── DATASET RECORDS ──

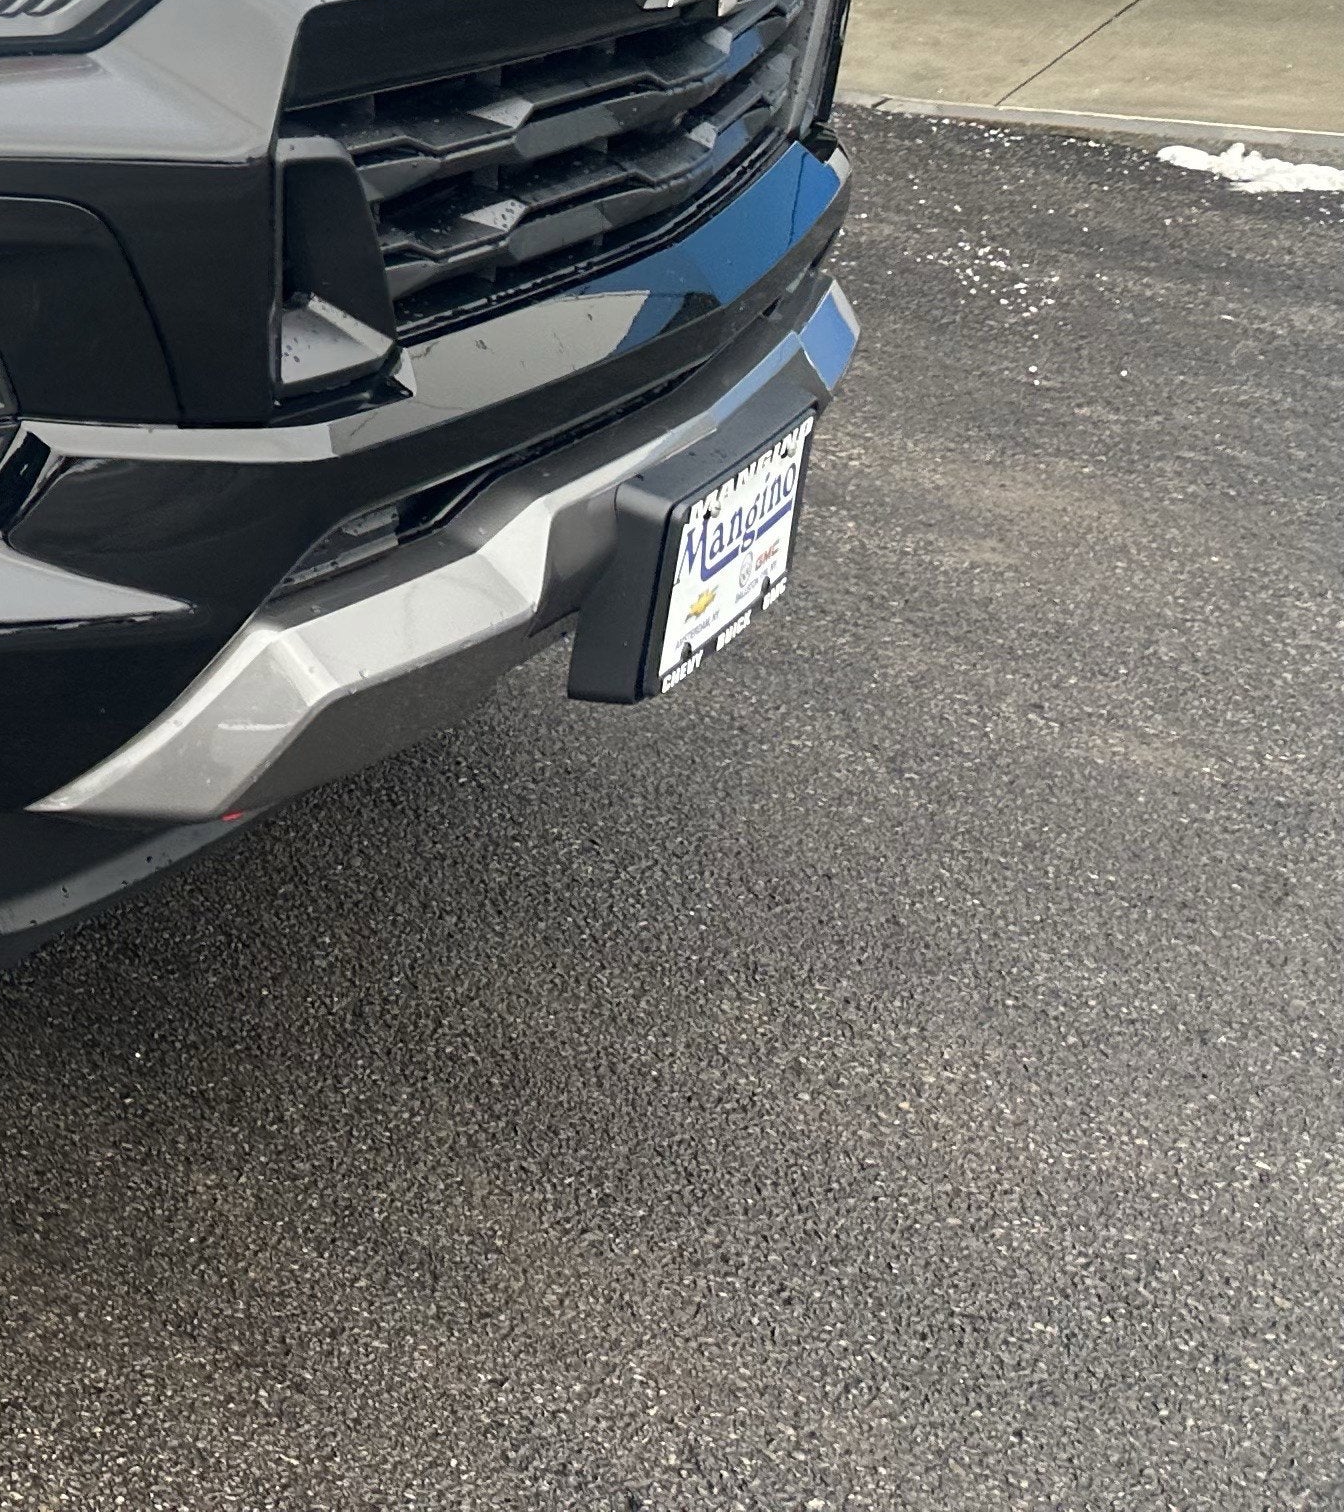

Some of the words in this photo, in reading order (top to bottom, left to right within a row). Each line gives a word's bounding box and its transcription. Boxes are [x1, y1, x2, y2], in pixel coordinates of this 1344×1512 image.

[675, 462, 797, 583] Mangino
[661, 649, 704, 694] CHEVY
[716, 609, 752, 652] BUICK
[762, 577, 788, 611] GMC

───

TASK OBJECTIVE | Exactly as they appear above, print all the lines, but not the pictures.

OUTPUT |
Some of the words in this photo, in reading order (top to bottom, left to right within a row). Each line gives a word's bounding box and its transcription. Boxes are [x1, y1, x2, y2], in pixel coordinates of this 1344×1512 image.

[675, 462, 797, 583] Mangino
[661, 649, 704, 694] CHEVY
[716, 609, 752, 652] BUICK
[762, 577, 788, 611] GMC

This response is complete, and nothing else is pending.